▶ [TO DO] Set down exactly the lines from the one containing "this 1344×1512 image." through the end of the records below, both included, and nothing else.

++++ STORED DATA

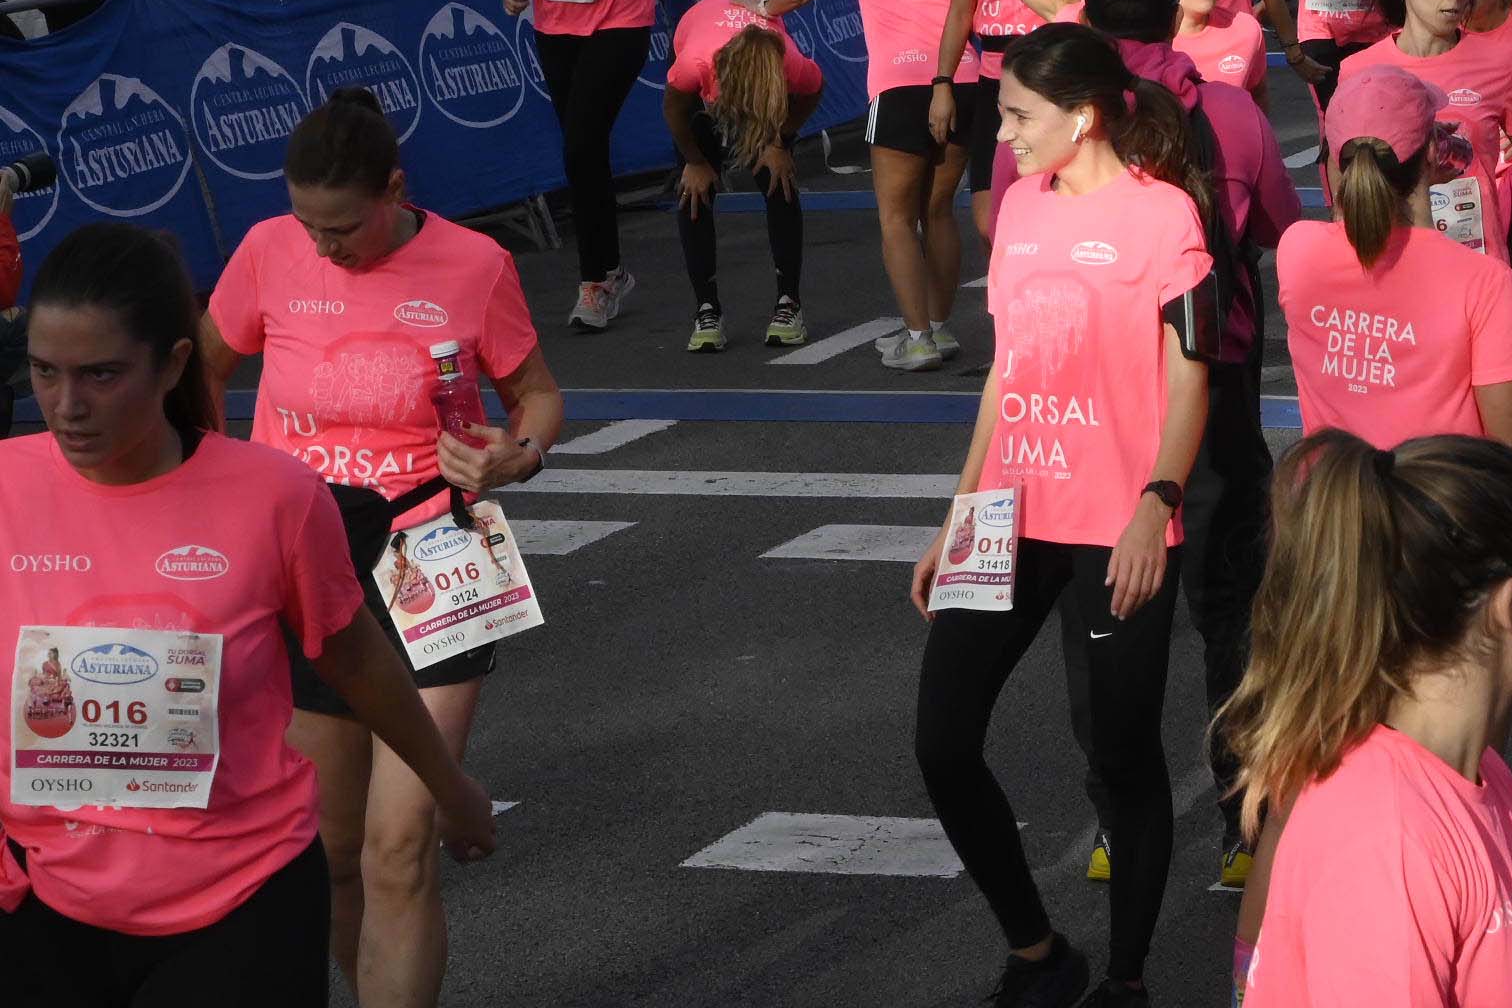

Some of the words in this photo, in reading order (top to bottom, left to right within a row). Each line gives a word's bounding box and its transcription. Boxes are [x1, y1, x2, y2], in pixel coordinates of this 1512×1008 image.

[893, 53, 928, 65] OYSHO
[429, 55, 521, 101] ASTURIANA
[204, 97, 303, 152] ASTURIANA
[288, 299, 345, 316] OYSHO
[398, 306, 444, 325] ASTURIANA
[1310, 305, 1416, 346] CARRERA
[1327, 331, 1355, 356] DE
[1364, 338, 1393, 363] LA
[1321, 355, 1396, 387] MUJER
[1348, 383, 1368, 394] 2023
[276, 407, 317, 437] TU
[419, 532, 469, 559] ASTURIANA
[10, 554, 92, 573] OYSHO
[161, 558, 224, 573] ASTURIANA
[978, 559, 1010, 570] 31418
[435, 561, 480, 591] 016
[451, 587, 479, 606] 9124
[939, 589, 975, 601] OYSHO
[419, 614, 458, 634] CARRERA
[457, 609, 469, 619] DE
[468, 607, 480, 616] LA
[479, 598, 502, 613] MUJER
[503, 592, 520, 604] 2023
[492, 609, 529, 629] Santander
[423, 631, 465, 655] OYSHO
[77, 658, 152, 677] ASTURIANA
[166, 655, 206, 666] SUMA
[82, 699, 148, 725] 016
[89, 731, 140, 748] 32321
[36, 754, 93, 765] CARRERA
[94, 756, 111, 765] DE
[112, 756, 127, 766] LA
[129, 757, 168, 767] MUJER
[172, 758, 198, 768] 2023
[31, 778, 93, 793] OYSHO
[142, 780, 198, 793] Santander
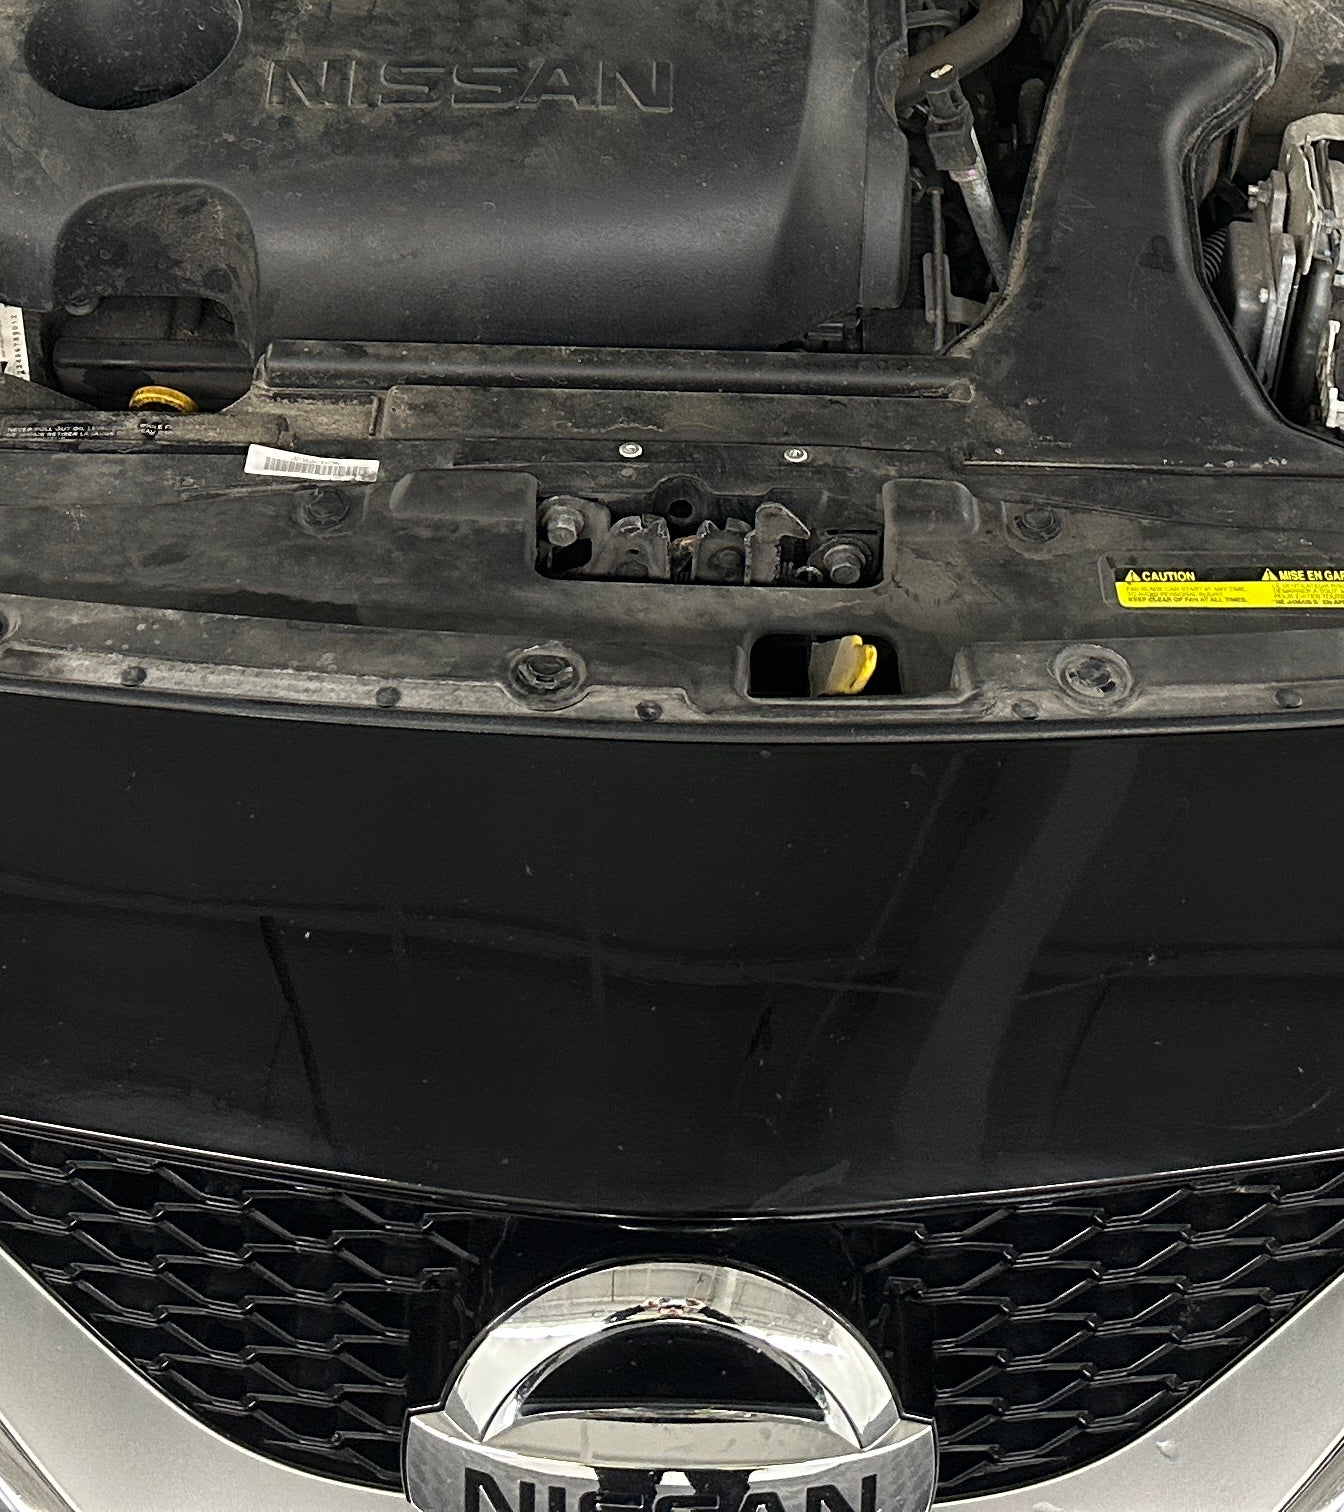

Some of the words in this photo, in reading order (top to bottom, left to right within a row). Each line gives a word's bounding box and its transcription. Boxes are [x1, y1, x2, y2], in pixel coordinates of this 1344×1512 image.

[264, 59, 675, 114] NISSAN
[1141, 570, 1196, 582] CAUTION
[1278, 570, 1305, 581] MISE
[1306, 569, 1323, 581] EN

++++++++

▶ [RESULT OF THIS EXERCISE]
Some of the words in this photo, in reading order (top to bottom, left to right within a row). Each line gives a word's bounding box and its transcription. Boxes are [x1, y1, x2, y2], in pixel coordinates of this 1344×1512 image.

[264, 59, 675, 114] NISSAN
[1141, 570, 1196, 582] CAUTION
[1278, 570, 1305, 581] MISE
[1306, 569, 1323, 581] EN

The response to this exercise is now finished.